* _Exercise_:
Omit the images. Copy each entry word for word.

═════ Supplied entries ═════

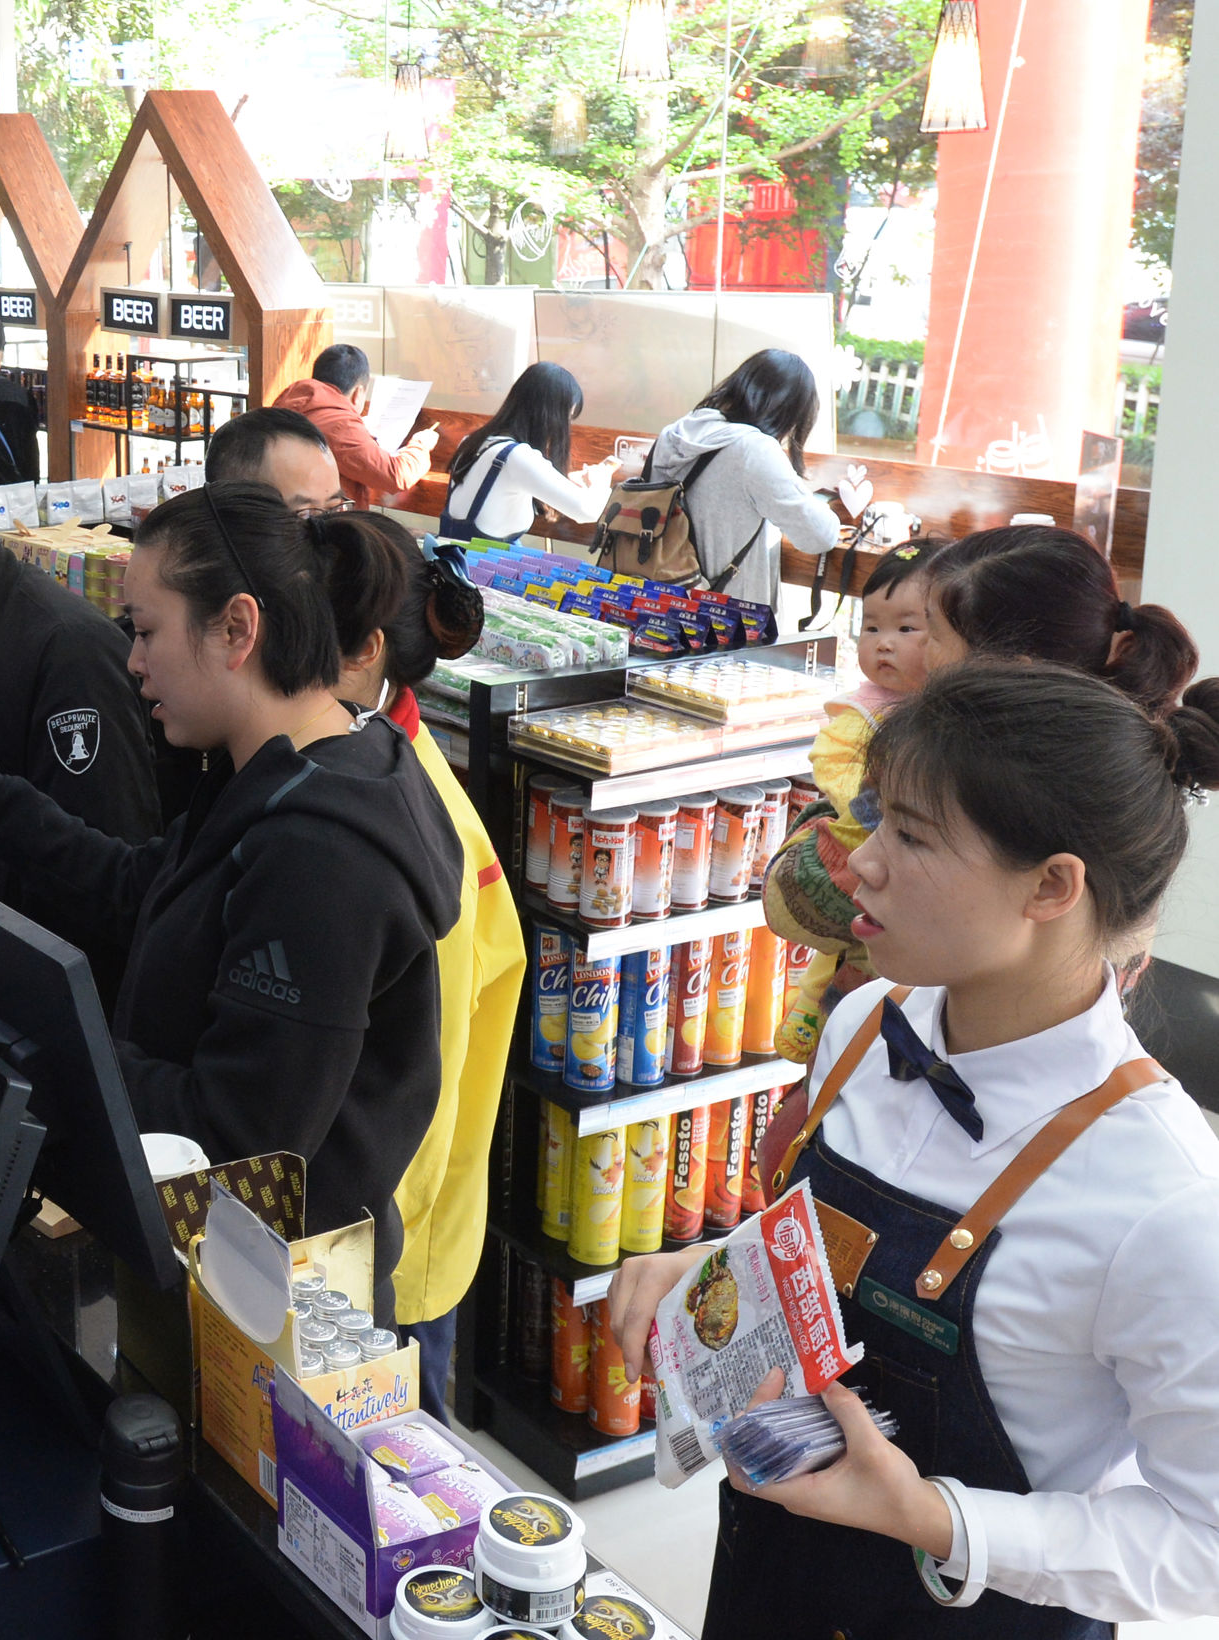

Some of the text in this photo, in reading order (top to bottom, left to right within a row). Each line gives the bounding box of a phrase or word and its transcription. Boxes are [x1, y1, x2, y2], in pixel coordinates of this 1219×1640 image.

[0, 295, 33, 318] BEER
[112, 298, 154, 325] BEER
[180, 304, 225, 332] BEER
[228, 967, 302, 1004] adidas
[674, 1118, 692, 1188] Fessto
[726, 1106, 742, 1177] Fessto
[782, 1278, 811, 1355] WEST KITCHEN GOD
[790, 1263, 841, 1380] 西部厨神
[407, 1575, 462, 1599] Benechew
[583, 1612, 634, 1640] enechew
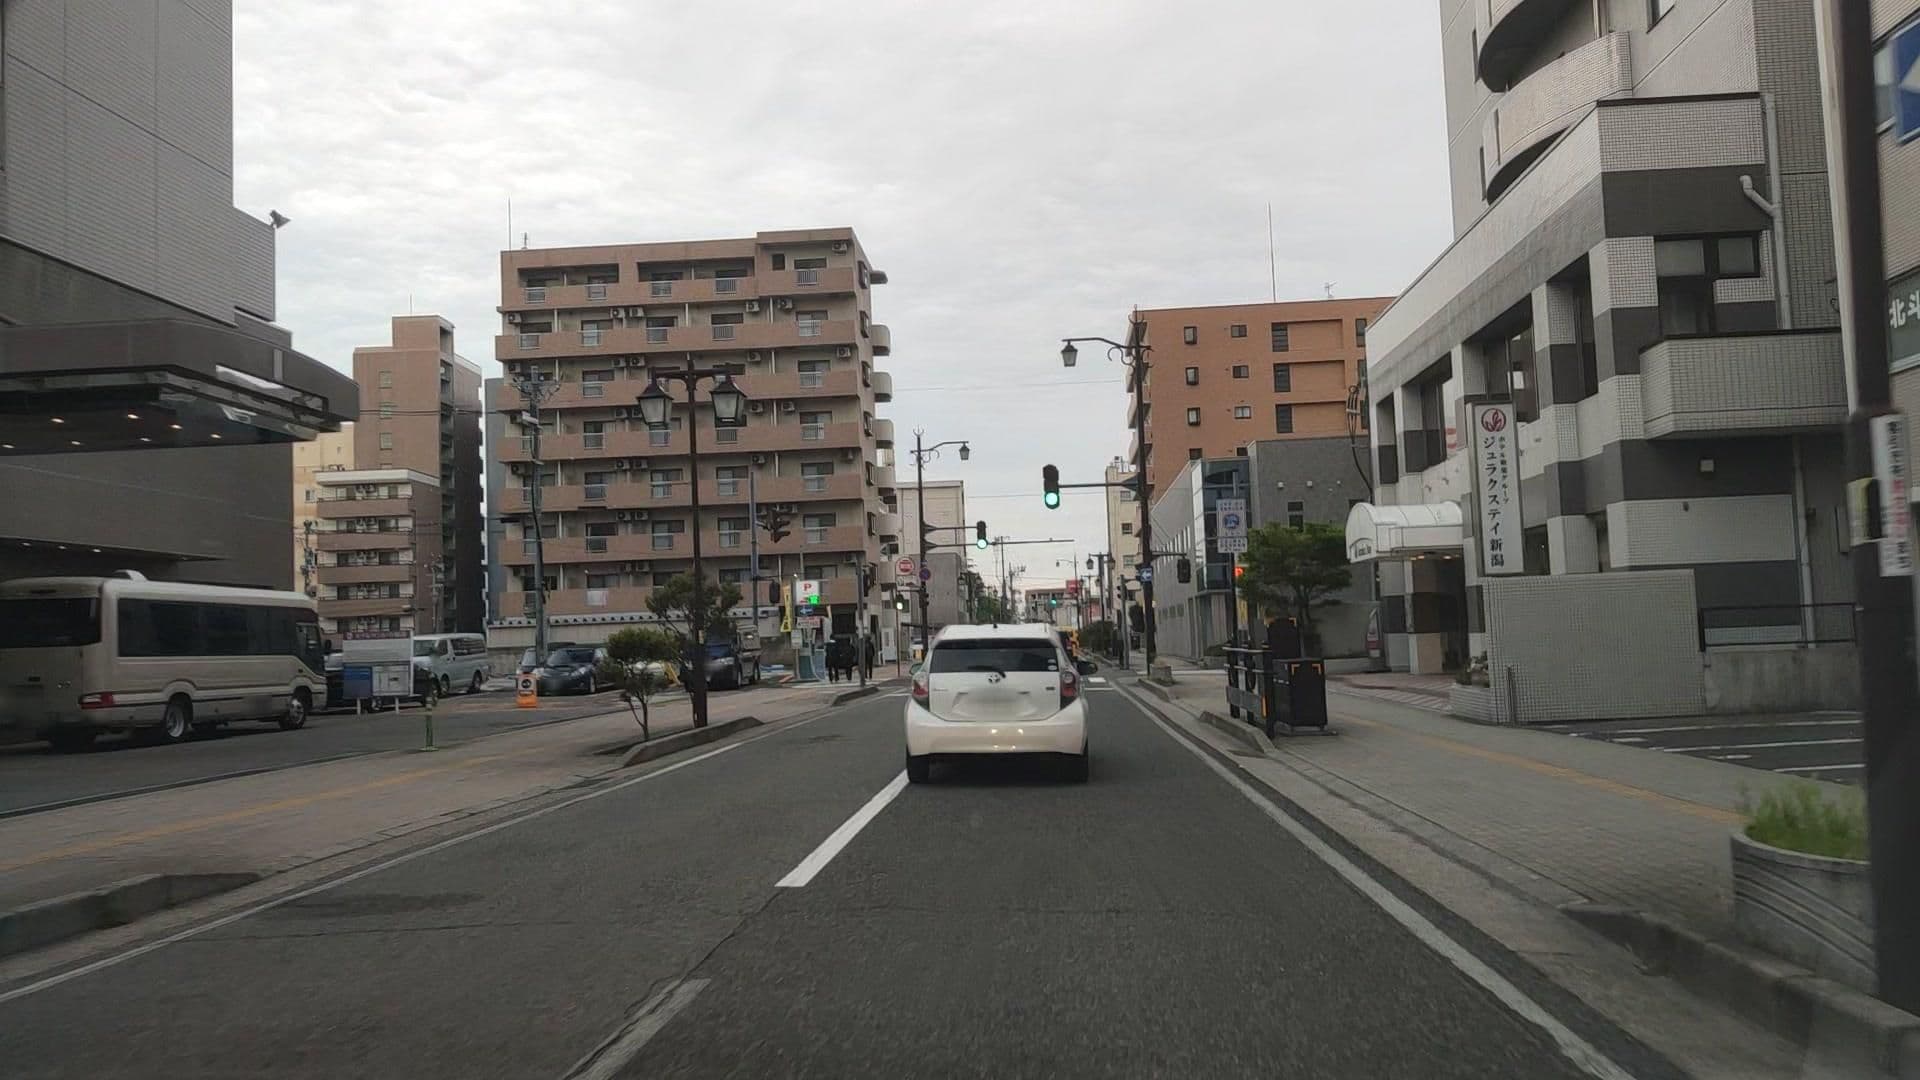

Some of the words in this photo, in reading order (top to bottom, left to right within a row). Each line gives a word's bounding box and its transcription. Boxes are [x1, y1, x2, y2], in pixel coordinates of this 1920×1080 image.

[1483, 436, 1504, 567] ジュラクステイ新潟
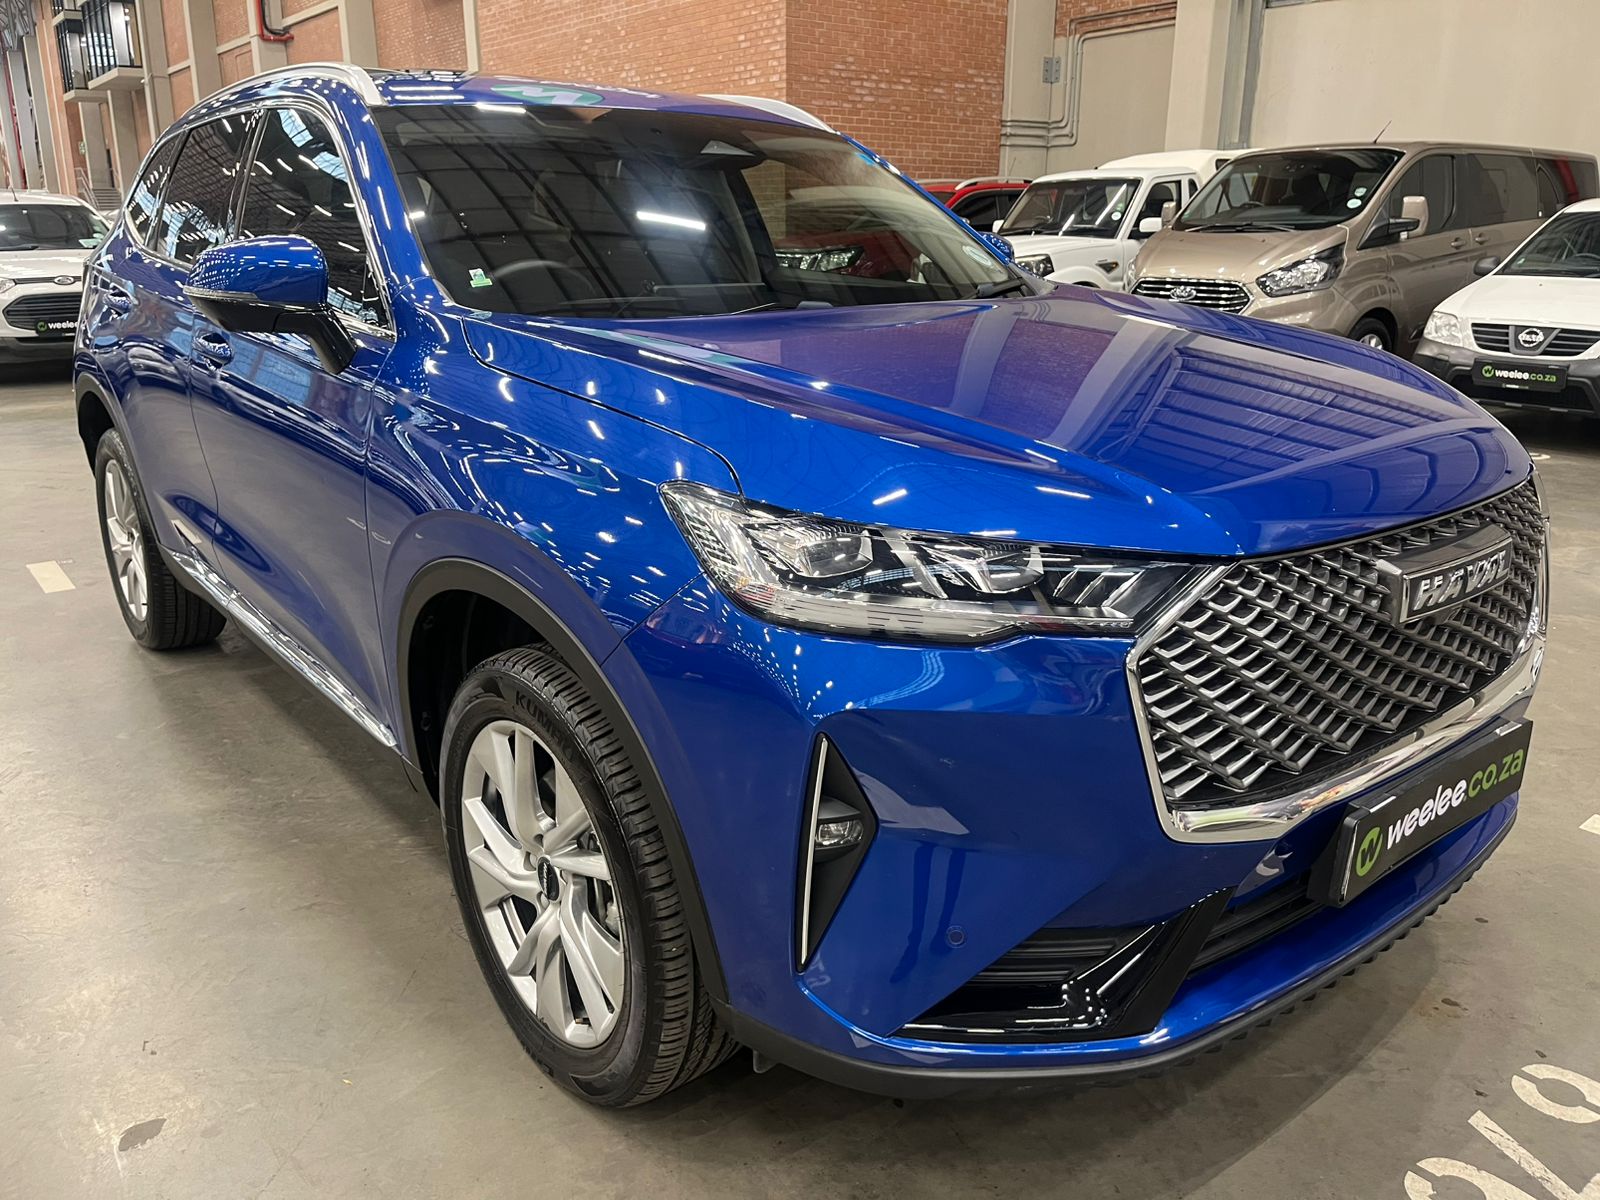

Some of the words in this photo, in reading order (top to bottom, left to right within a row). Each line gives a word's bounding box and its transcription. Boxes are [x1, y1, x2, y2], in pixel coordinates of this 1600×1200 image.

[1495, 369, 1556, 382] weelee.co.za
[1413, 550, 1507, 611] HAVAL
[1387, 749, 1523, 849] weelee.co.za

═════

* _Response_:
Some of the text in this photo, in reading order (top to bottom, left to right within a row). Each line gives the bounding box of a phrase or word and its transcription. Boxes are [x1, y1, x2, y2], in pixel coordinates of this 1219×1640 image.

[0, 295, 33, 318] BEER
[112, 298, 154, 325] BEER
[180, 304, 225, 332] BEER
[228, 967, 302, 1004] adidas
[674, 1118, 692, 1188] Fessto
[726, 1106, 742, 1177] Fessto
[782, 1278, 811, 1355] WEST KITCHEN GOD
[790, 1263, 841, 1380] 西部厨神
[407, 1575, 462, 1599] Benechew
[583, 1612, 634, 1640] enechew

Some of the words in this photo, in reading order (top to bottom, left to right within a row). Each line gives a word's bounding box and its transcription. Boxes are [x1, y1, x2, y2], in pixel coordinates of this 1920×1080 image.

[1483, 436, 1504, 567] ジュラクステイ新潟

Some of the words in this photo, in reading order (top to bottom, left to right within a row). Each line gives a word's bounding box and its transcription. Boxes are [x1, y1, x2, y2], in pixel coordinates of this 1600×1200 image.

[1495, 369, 1556, 382] weelee.co.za
[1413, 550, 1507, 611] HAVAL
[1387, 749, 1523, 849] weelee.co.za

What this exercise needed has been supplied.